Time to open a new thread... Seems there is a serious bug going on since a while with 10.6 randomly, hit me saturday. After working late switched off my iMac and next morning all my user accounts were gone, not able to login with my account... instead I got a "other" account.

Took me a day to get that fixed. Thanks Apple!

Same problems here:

http://discussions.apple.com/thread.jspa?threadID=2750969&tstart=0

http://discussions.apple.com/thread.jspa?messageID=13050110&#13050110

http://discussions.apple.com/thread.jspa?threadID=2747165&tstart=0

http://discussions.apple.com/thread.jspa?messageID=12880505&#12880505

http://discussions.apple.com/thread.jspa?messageID=12932314&#12932314

http://discussions.apple.com/thread.jspa?messageID=12754295&#12754295

http://discussions.apple.com/thread.jspa?messageID=12802769&#12802769

http://discussions.apple.com/thread.jspa?messageID=12640182&#12640182

http://discussions.apple.com/thread.jspa?messageID=12836318&#12836318

http://discussions.apple.com/thread.jspa?messageID=12840608&#12840608

http://discussions.apple.com/thread.jspa?messageID=12726662&#12726662

This one has a interesting solution from user Illude

http://discussions.apple.com/thread.jspa?threadID=2644133&tstart=0

This one's from cNet:

http://forums.cnet.com/7723-6126_102-505918.html

There are quite some possible solutions (from threads) that seem to help, here are some of the popular ones:

SOLUTION 1:

1 - boot up using your SL disk.
2 - select 'change password'
3 - reset the root password
4 - restart the mac from the system drive
5 - log in as root
6 - open system preferences
7 - create an account with the SAME FULL NAME and ACCOUNT NAME as your 'lost' account
8 - you will be prompted that "a folder with said name already exists - would you like to use the existing folder?" - SELECT OK
9 - log out of root
10- log into your account

SOLUTION 2 for those without TM backup:

Material needed: Snow Leopard DVD

1. Boot from DVD: restart at log in menu you're stuck in.
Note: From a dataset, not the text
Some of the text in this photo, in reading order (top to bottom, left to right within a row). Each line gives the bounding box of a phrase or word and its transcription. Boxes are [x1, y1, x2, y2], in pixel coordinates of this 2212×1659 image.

Otherwise hard restart. Press "C" while booting.
2. Change password: in my case only System Administrator (root) and guest appeared. Change the password on System administrator.
3. log in as "System Administrator" with your new password.
4. Check to see if the folder with your user name is still there under "User"
5. Go to System Preference>Account>add account: Set same account name. That will link the new user account with old username account folder. You can also adjust the login window option. For now I checked automatic log in.
6. Restart. You should be able to log in to your old account.

SOLUTION 3 with TERMINAL (from illude - thanks!):

... I had this exact problem. I installed the 10.6.5 update and when I finally rebooted several days later, all non-system users on my machine were deleted. Only "Other" showed up in the login screen. While the users were removed from the Directory Services, their data was still intact though, as their home directories in /Users were unchanged. This is of course a big relief...
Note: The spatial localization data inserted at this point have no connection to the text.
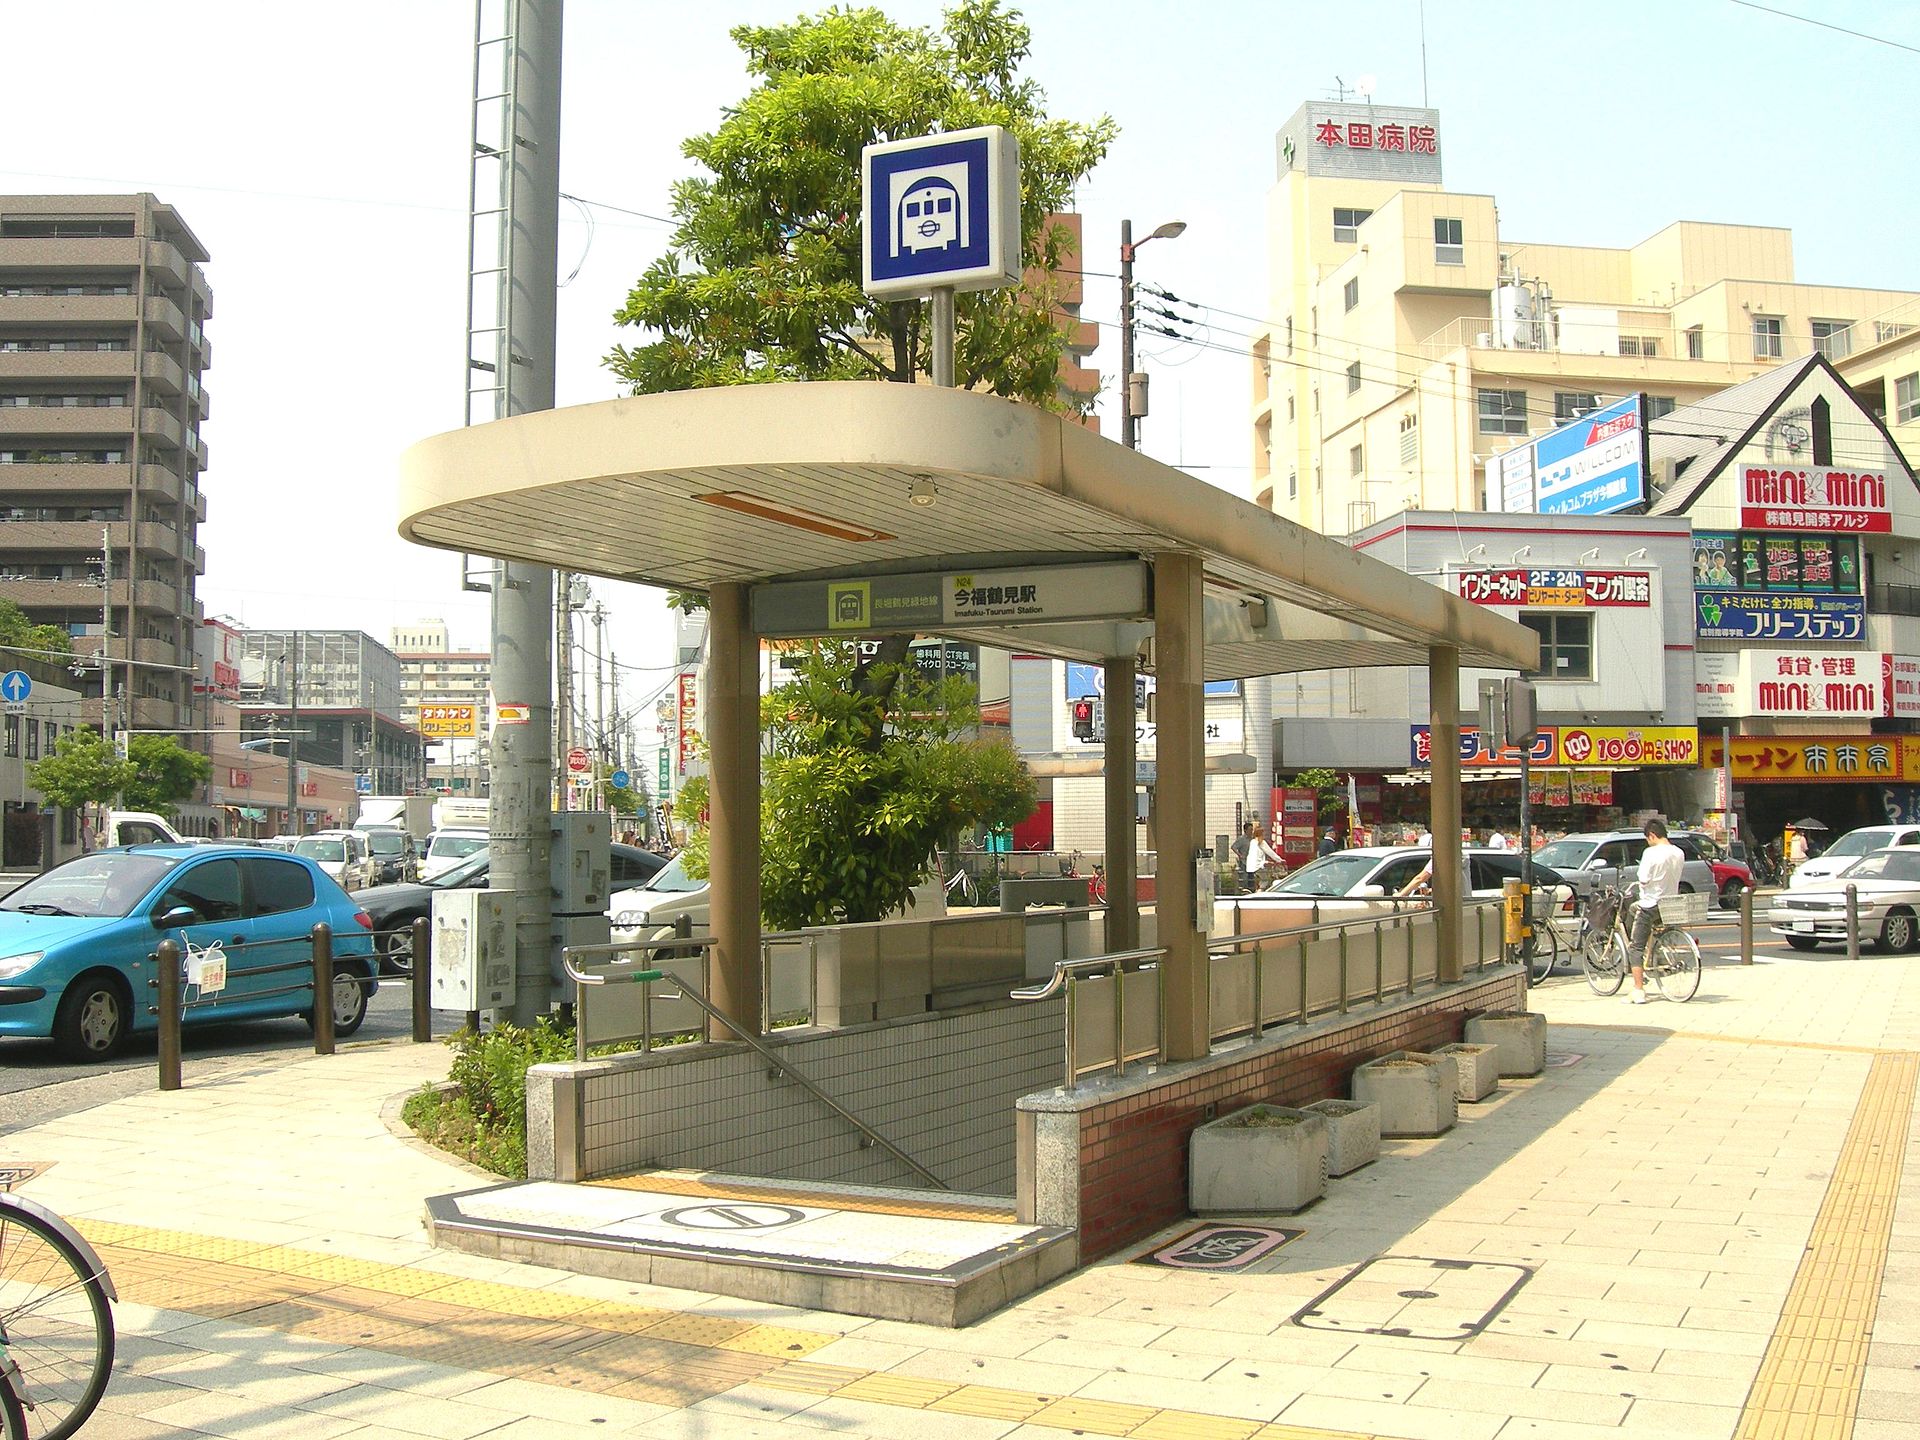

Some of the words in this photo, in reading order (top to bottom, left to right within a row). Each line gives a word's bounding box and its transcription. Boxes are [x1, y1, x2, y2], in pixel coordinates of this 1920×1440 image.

[1315, 119, 1437, 153] 本田病院
[1575, 440, 1636, 476] WILLCOM
[1745, 468, 1807, 505] mini
[1826, 471, 1886, 508] mini
[956, 577, 973, 588] N24
[1461, 573, 1527, 601] インターネット
[1586, 574, 1650, 602] マンガ喫茶
[954, 585, 1037, 607] 今福鶴見駅
[1721, 596, 1769, 609] キミだけに
[954, 608, 1016, 618] Imafuku-Tsurumi
[1017, 605, 1044, 616] Station
[1745, 612, 1863, 639] フリーステップ
[1777, 656, 1857, 677] 賃貸・管理
[1717, 683, 1735, 694] mini
[1758, 682, 1811, 711] mini
[1825, 683, 1875, 712] mini
[423, 708, 471, 719] タカケン
[424, 722, 471, 732] クリーニング
[1565, 734, 1591, 757] 100
[1663, 739, 1693, 761] SHOP
[1710, 747, 1799, 770] ラーメン
After reading this thread and the pages mentioned here, I came up with the following solution. Please replace "username" with the short (Unix) name of your user account (i.e. the one without spaces).
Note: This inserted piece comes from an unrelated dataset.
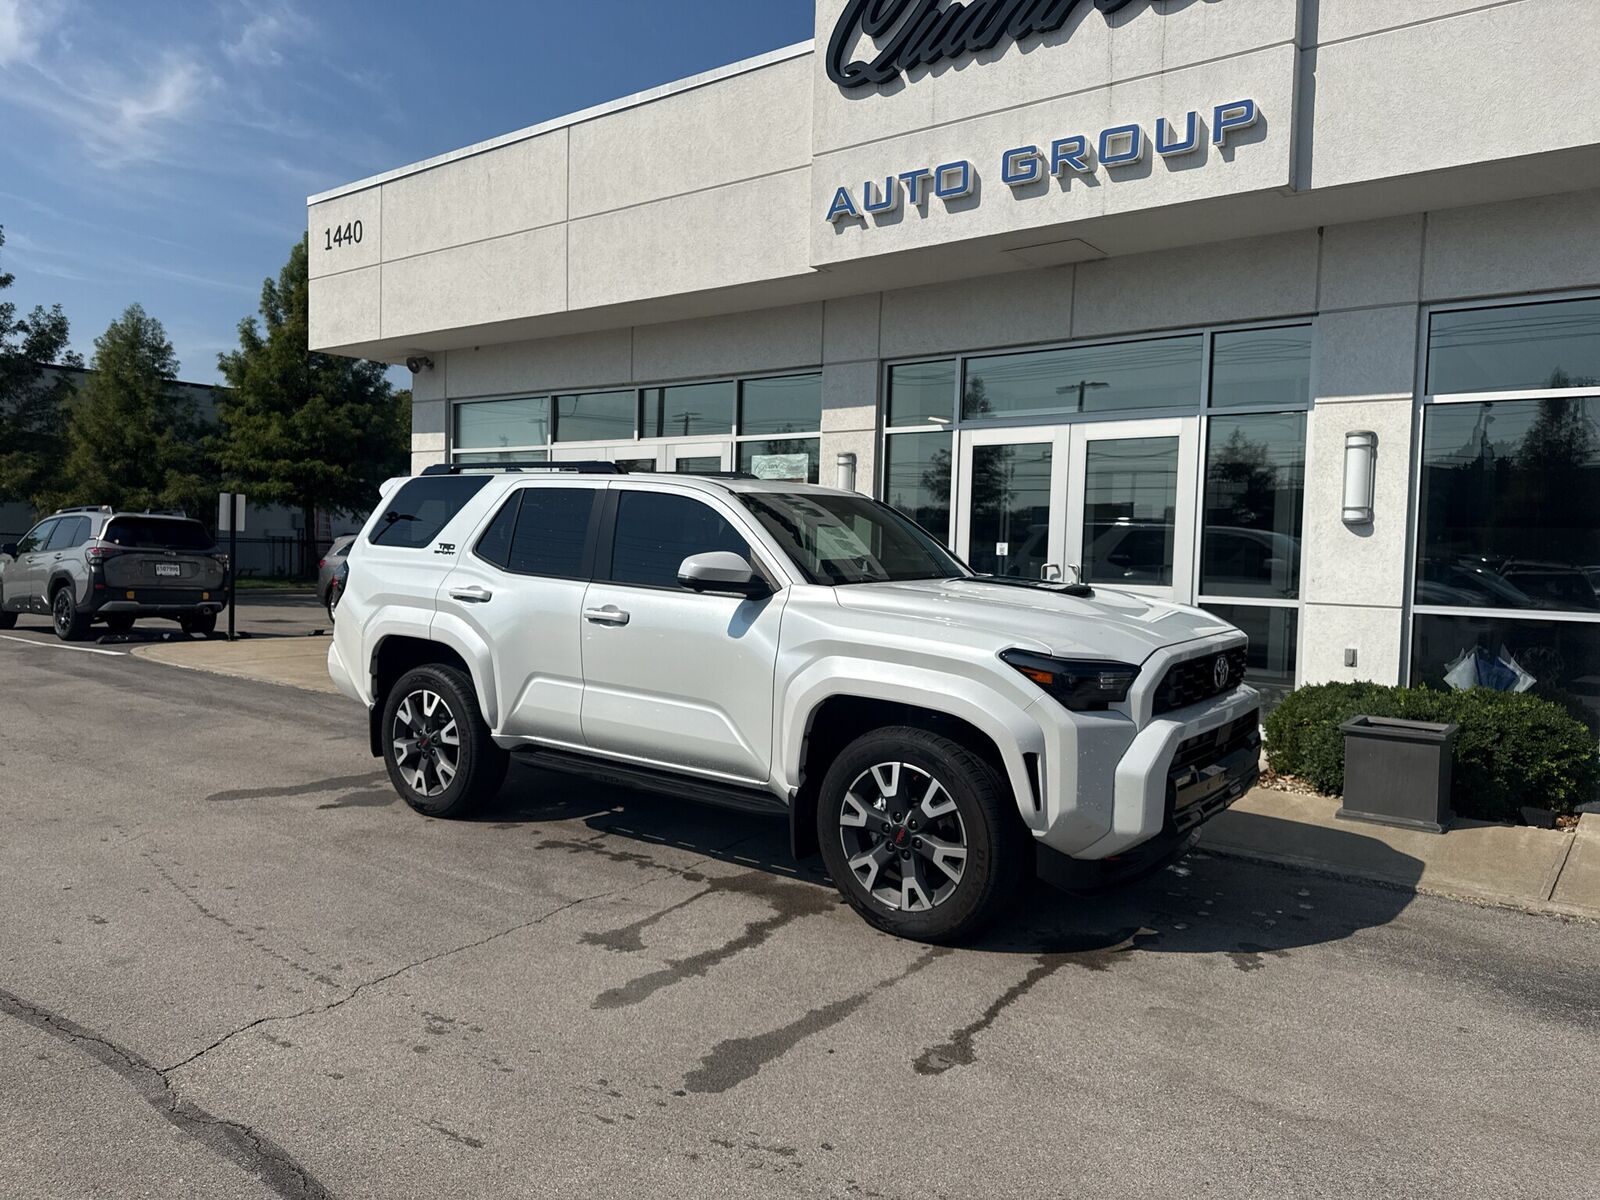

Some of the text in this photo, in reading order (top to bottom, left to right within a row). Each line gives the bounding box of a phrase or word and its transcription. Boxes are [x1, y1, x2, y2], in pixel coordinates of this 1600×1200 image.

1. Start the computer in Single-User Mode, by holding down Command+S as it boots up. You end up in a terminal as the root user.

2. As suggested on the screen, do the following to check and mount your filesystem:

/sbin/fsck -fy
/sbin/mount -uw /

3. Find out which accounts have been deleted (here I assume 'username' is one of them):

defaults read /Library/Preferences/com.apple.preferences.accounts

4. Convince yourself that the user data is still safe:

ls /Users/username

5. I noticed that the 10.6.5 update made backups of the Directory Services and shadow passwords in /private/var/db as the xar archives 'dslocal-backup.xar' and 'shadow-backup.xar', respectively. If you also have these files, you are in luck! Restore the settings for each deleted user, as well as all shadow passwords, as follows:

cd /private/var/db
xar -xf dslocal-backup.xar dslocal/nodes/Default/users/username.plist
xar -xf shadow-backup.xar

6. For good measure, remove the record of deleted users (not sure if this is necessary, but seemed like a good idea at the time):

rm /Library/Preferences/com.apple.preferences.accounts.plist

7. Restart the computer:

shutdown -r now

I restored the settings for all deleted users in Step 5, and everyone was back after the reboot. The great thing is that all settings are restored the way they were, including the password, user GUID (which should prevent Time Machine from redoing a full backup as mentioned in this thread) and the login picture (which was stored in the JPEGPhoto field in the plist file and would have been lost otherwise).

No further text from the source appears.